Indeed, we cry routinely enough. Christ has risen indeed.
On this cold, pale blue morning we recite our affectionate gratitude
for Your plans beyond our expectations
for Your life beyond the grave
for Your promises beyond our hope.
The morning scene is serene enough to sentimentalize us, and for even this we are grateful.
But in the silence of this Easter morning, we hear the call of the resurrection:
the resurrection which calls to us from behind that illuminating horizon,
the resurrection which wearies our easy way of remember and startles with new anticipation,
the resurrection which grants us the holy fortitude to sing
Soon and very soon...
Yes, Your miracle life beyond the cave of death lends us the potent reminder this morning that we, too, await resurrection:
the resurrection which will call us to the sky,
the resurrection into rest for our weary souls,
the resurrection which will grant us the ending of the tune, retiring the language of "soon" and replacing it with the vernacular of the heavenlies.
Soon. Oh that it would be very soon.
That You would rend the heavens! That You would come down!
We have yet to see an act like that.
But we have heard tales of one.
And that Friday-Sunday act gives us hope.

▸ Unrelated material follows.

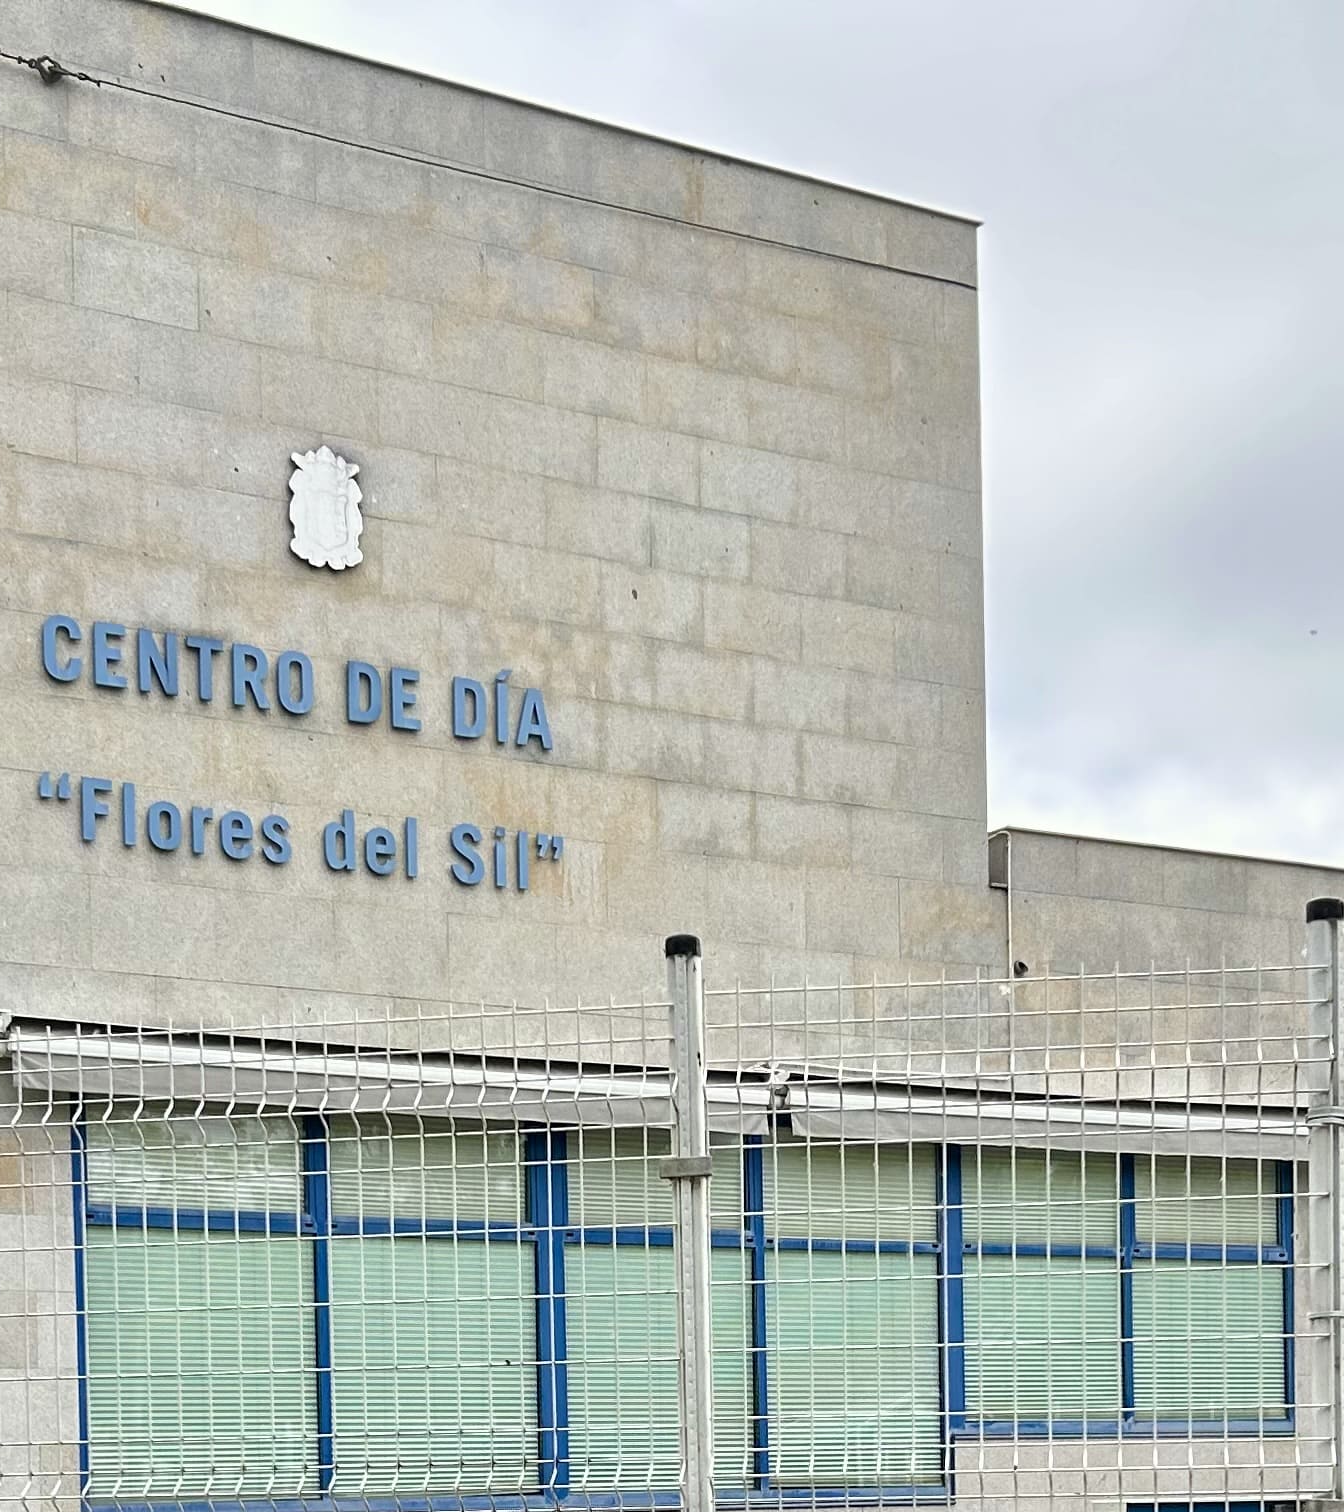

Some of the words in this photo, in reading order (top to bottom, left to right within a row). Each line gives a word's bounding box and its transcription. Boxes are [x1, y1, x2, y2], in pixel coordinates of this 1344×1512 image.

Come and be Eastered among us until we are raised with You.
Until then, we will watch the horizon.
And we will hope better this time.
Indeed.
Amen.
Hi, friend. I'm Amy. Mostly, I’m just another twenty-something trying to figure out the stuff of life. I am a nerdy seminary student who loves the smell of old books and early mornings in the library. I am an artist wanabee, a liberal to the conservative and conservative to the liberal, guilty social justice groupie, and a recovering Bible know-it-all with the unreal ability to put my foot in my mouth an astonishing number of times each day. I am a sister to eight of the most hysterical creatures ever created. Good theology, used book stores, and autumn make me giddy. I preach passionately, think deeply, and ask too many questions. I write prayers, poetry and prose. I write about preaching bad and good, gender roles in the Church, the sacraments, stupid things we do on Sunday, politics, and almost everything else that you are not supposed to discuss in polite company. I also blog at oneyellowbird.blogspot.com. Welcome to the journey.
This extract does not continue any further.